I.                   Je ne suis que ce que j’ai conscience d’être : une substance pensante. La conscience de soi est uniquement connaissance de mon essence

II.                Je ne peux avoir une conscience de tout ce que  je suis : mon individualité m’échappe dans la conscience que j’ai de moi

III.             Je suis autre que ce que j’ai conscience d’être

« Analyse du sujet · Le mot « conscience » vient du latin cum scientia qui signifie « accompagné de savoir ».

Être conscient, c'est en effet agir, sentir ou penser et savoir qu'on agit, qu'on sent et qu'on pense.

Le fait d'être conscient constitue donc pour l'homme un événement décisif qui l'installe au monde et lui commande d'y prendre position.

Car l'homme, dans la mesure où il est conscient, n'est plus simplement dans le monde, chose parmi les choses, vivant parmi les vivants.

Il est au contraire devant le monde et, dans ce vis-à-vis, le monde se constitue pour lui comme monde à connaître, à comprendre, à juger ou à transformer.
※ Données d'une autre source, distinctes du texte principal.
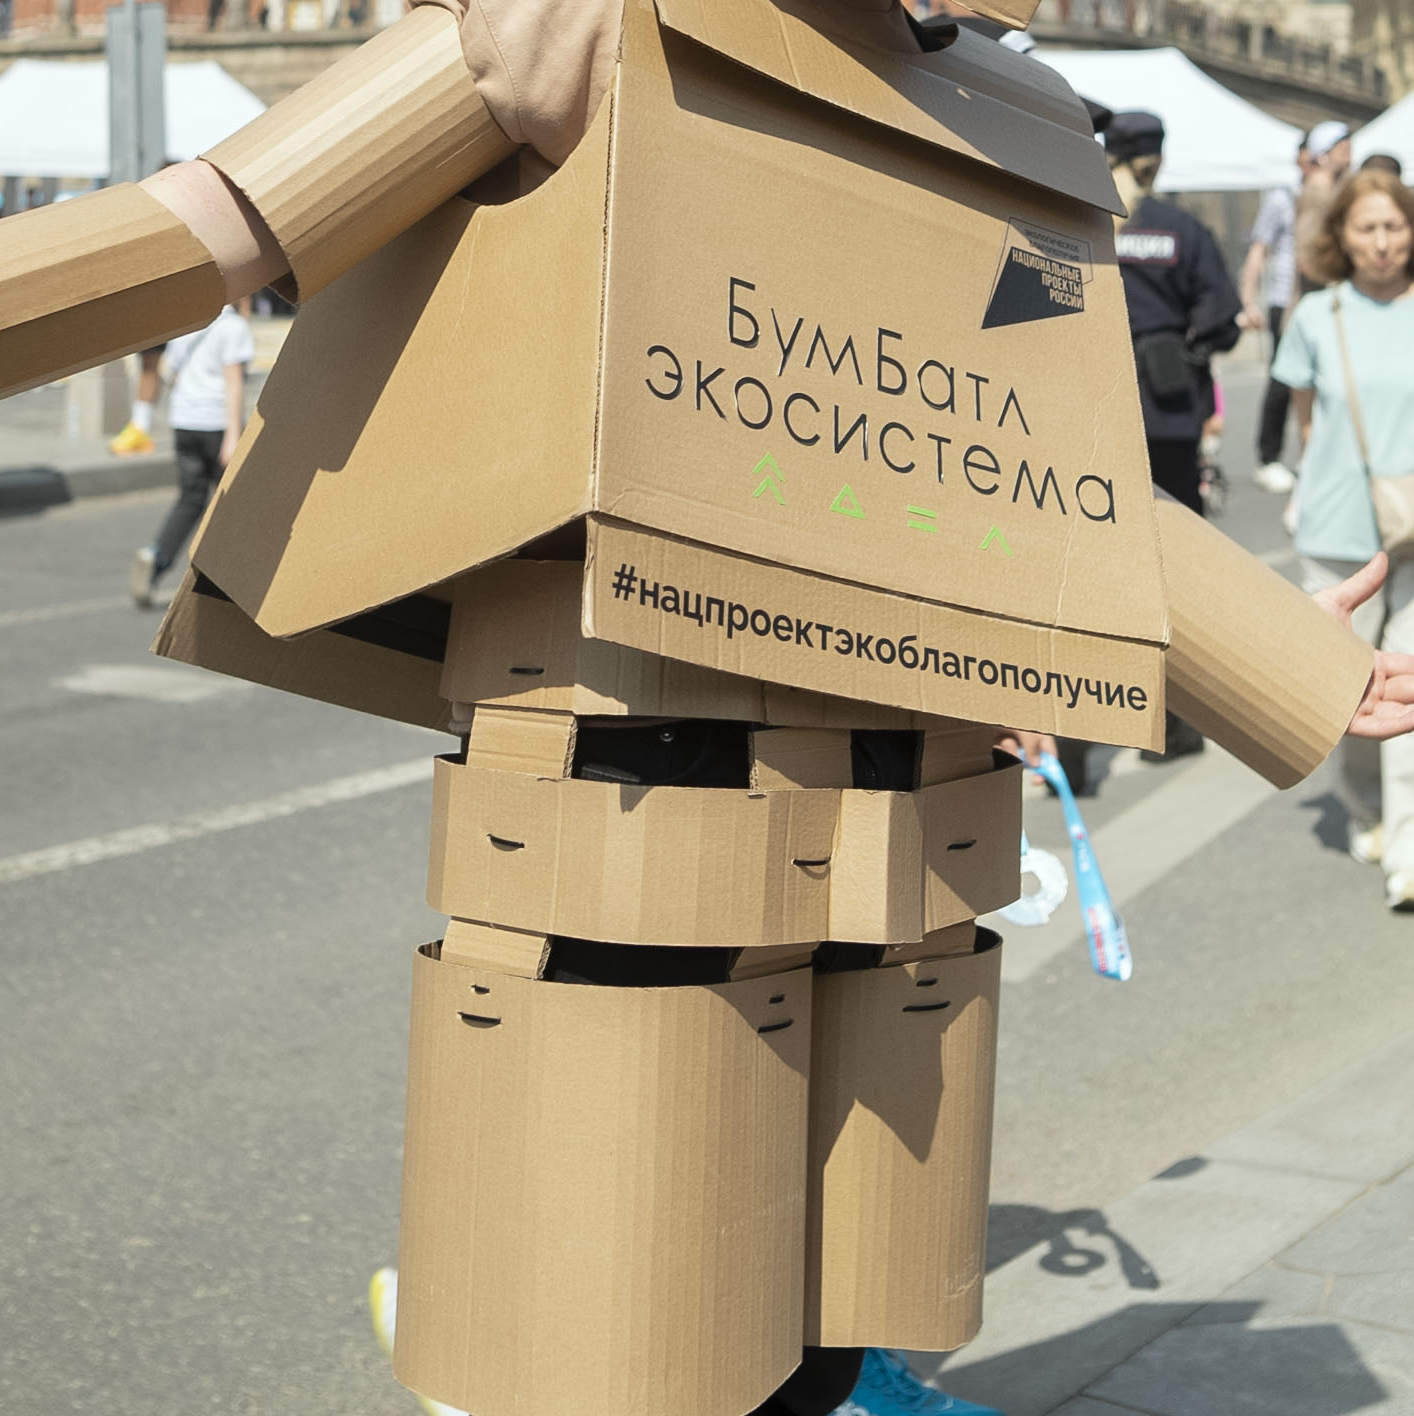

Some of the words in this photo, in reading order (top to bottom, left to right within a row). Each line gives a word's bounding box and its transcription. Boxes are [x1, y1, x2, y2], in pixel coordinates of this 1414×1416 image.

Le monde est ainsi mis à distance et tout l'effort de penser ou d'agir naît de cette expérience originelle de la séparation de l'homme et du monde, instaurée par la conscience. Mais ce n'est pas seulement du monde que l'homme se trouve ainsi exilé.

La proximité de l'homme à luimême est tout aussi problématique.

Car, d'une part, la conscience qu'il a de lui-même à travers ses actes, sentiments ou pensées, ne lui en livre pour autant pas nécessairement l'intelligibilité.

D'autre part, l'expérience du remords, du regret ou de la souffrance en général met à jour les contradictions qui l'habitent, dont la moindre n'est pas d'avoir à admettre comme siens des actes, sentiments, ou pensées sans pourtant s'y reconnaître. Si la conscience est ce grâce à quoi je me connais, ou je crois me connaître moi-même, mais également mes idées, mes actes, mes sentiments, il se pose alors le problème de la coïncidence entre mon être et l'image que j'en ai dans ma conscience.

Il ne s'agit pas tant de savoir si je peux me connaître que de savoir si la représentation que je me fais de moi-même par la conscience est adéquate à ma propre essence. · · Problématique Y a-t-il conformité entre ce que j'ai conscience d'être et ce que je suis réellement ? C'est donc la question de la connaissance de ma propre essence qui est ici en jeu. Est-ce que la conscience me permet d'accéder à une connaissance authentique de mon être ? Plan détaillé I. Je ne suis que ce que j'ai conscience d'être : une substance pensante.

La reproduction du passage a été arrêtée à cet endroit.